Since early 1999, I have been a member of the California Advisory Committee on Human Cloning, which made its statutorily-mandated report, entitled Cloning Californians? Report of the California Advisory Committee on Human Cloning, to the California legislature on January 11, 2002. I have made copies of that report available to the Committee's staff; I am only attaching its Executive Summary to this testimony.
I am here today both to report the findings of that Committee and to provide my own insights into legislation now pending before this body concerning human cloning. Except as specifically noted, the views I express today are my own and not necessarily those of the California Committee or of Stanford University. Those views lead me to support, strongly, Senate Bill 1758.
I want to discuss four things in my testimony: The California report, reproductive cloning, non-reproductive cloning, and the implementation of any legislation related to human cloning.
The California Report
In 1997 California became the first U.S. jurisdiction to ban human reproductive cloning. The ban was to last for five years, until January 1, 2003. As part of this statute, the legislature required the executive branch to appoint a committee to make recommendations back to the legislature about appropriate policy on human cloning by December 31, 2001. The legislature and the governor would thus have a full year to consider the report before the existing ban on reproductive cloning expired.
The California Advisory Committee on Human Cloning was appointed in early 1999. Its twelve members, identified below, represented a variety of professional backgrounds and a wide range of political viewpoints.
Francine Coeytaux, MPH Public
Under the leadership of Dr. George Cunningham, Chief of the Genetic Disease Branch, California Department of Health Services, the Committee held five public meetings, beginning in May 1999, and innumerable closed meetings. It discussed, debated, negotiated, and argued about the subject and about its report up until the day before it delivered that report to the State. But, remarkably, the report it delivered contained five unanimous recommendations, as the Committee achieved a consensus on these very difficult issues.
The exact recommendations are contained in the Executive Summary of the Committee report, attached at the end of this statement. The most important recommendations were the first - that California should ban human reproductive cloning - and the second - that California should not ban, but should regulate, human non-reproductive cloning.

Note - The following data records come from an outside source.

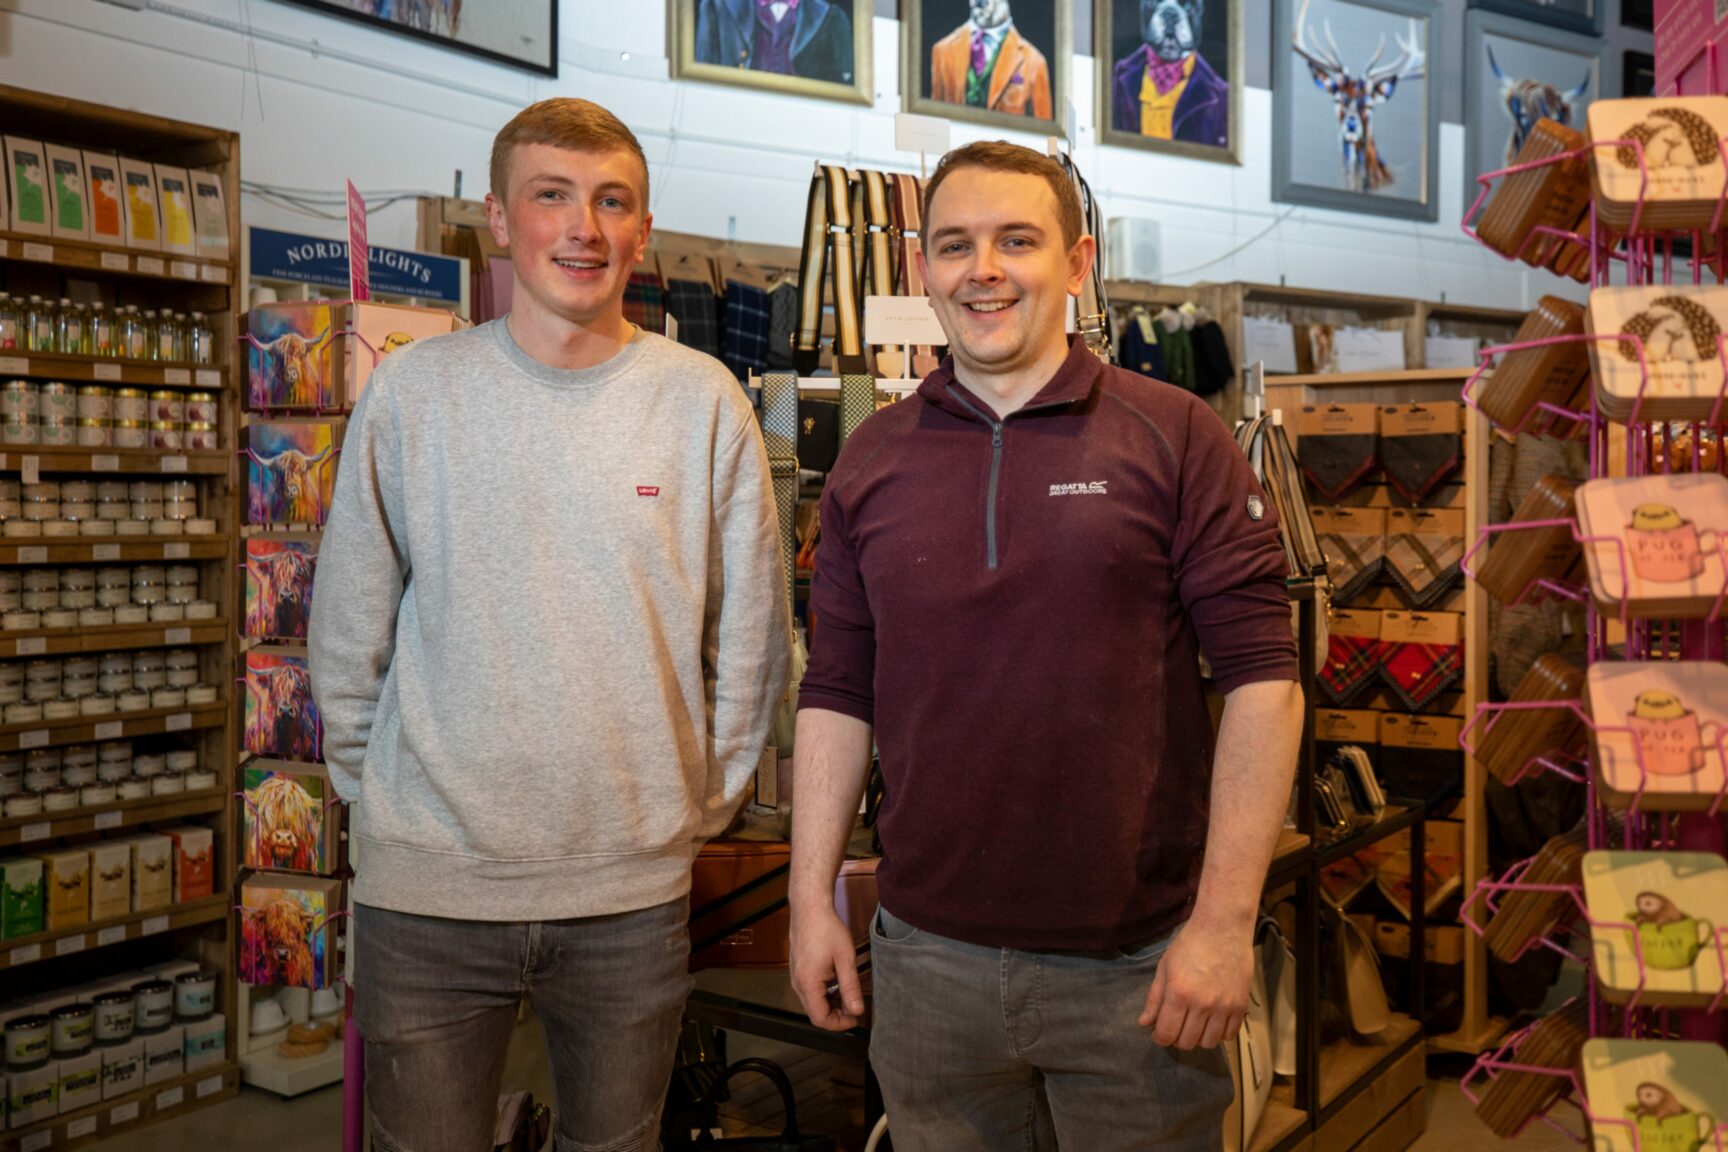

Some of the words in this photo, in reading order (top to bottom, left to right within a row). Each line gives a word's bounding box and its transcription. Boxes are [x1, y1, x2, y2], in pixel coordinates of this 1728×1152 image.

[286, 242, 350, 265] NORDI
[368, 247, 432, 284] LIGHTS
[1049, 482, 1087, 491] REGATTA
[1637, 539, 1684, 552] PUG
[1640, 728, 1685, 742] PUG
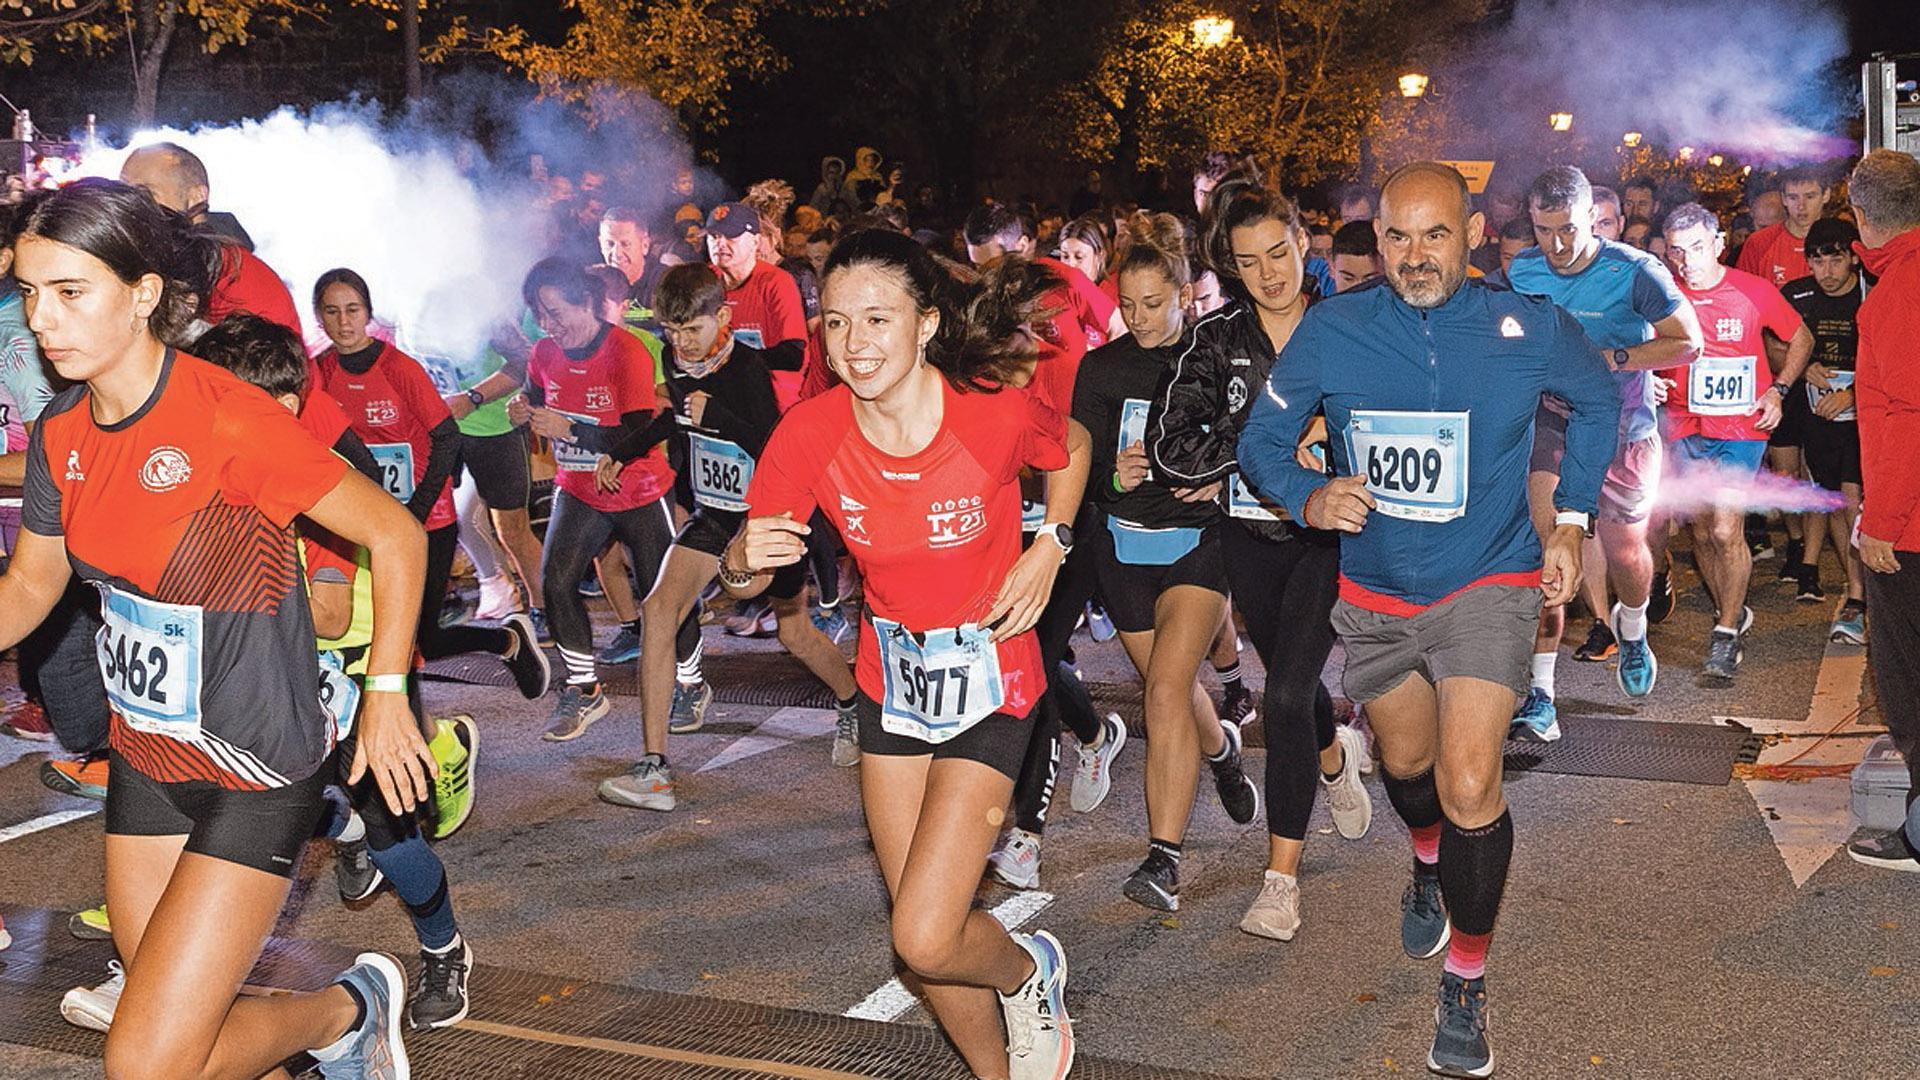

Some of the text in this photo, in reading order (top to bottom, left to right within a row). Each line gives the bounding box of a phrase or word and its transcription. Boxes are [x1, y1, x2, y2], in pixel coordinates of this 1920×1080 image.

Those recommendations are not, in themselves, novel. Other groups, and other jurisdictions, including the United Kingdom, have reached similar conclusions. What was remarkable about the Committee's conclusions, I believe, is not what they were but how they were reached. The twelve members of this Committee started with very different positions on both reproductive and non-reproductive human cloning. As we heard more testimony and public comment, read more deeply in the literature, and began writing (and arguing about) our report, our views began to converge. They never converged completely. We have some different reasons for believing human reproductive cloning should be banned; although all of us agree more regulation of human non-reproductive cloning is needed, we have different ideas for the appropriate extent of such regulation. But, in 32 months of study and effort, we came much closer together. I believe our experience is evidence that, although the issues raised by human cloning are both profound and complex, a latent consensus exists, in California and, I believe, in the United States, on these issues. Government should not allow human cloning to be used to make people; it should allow - with due care - human cloning research to proceed to find ways to relieve diseases and conditions that cause suffering to existing people. Senate Bill 1758, introduced by Senator Feinstein and others, reflects that emerging consensus; Senate Bill 790, introduced by Senator Brownback and others, does not.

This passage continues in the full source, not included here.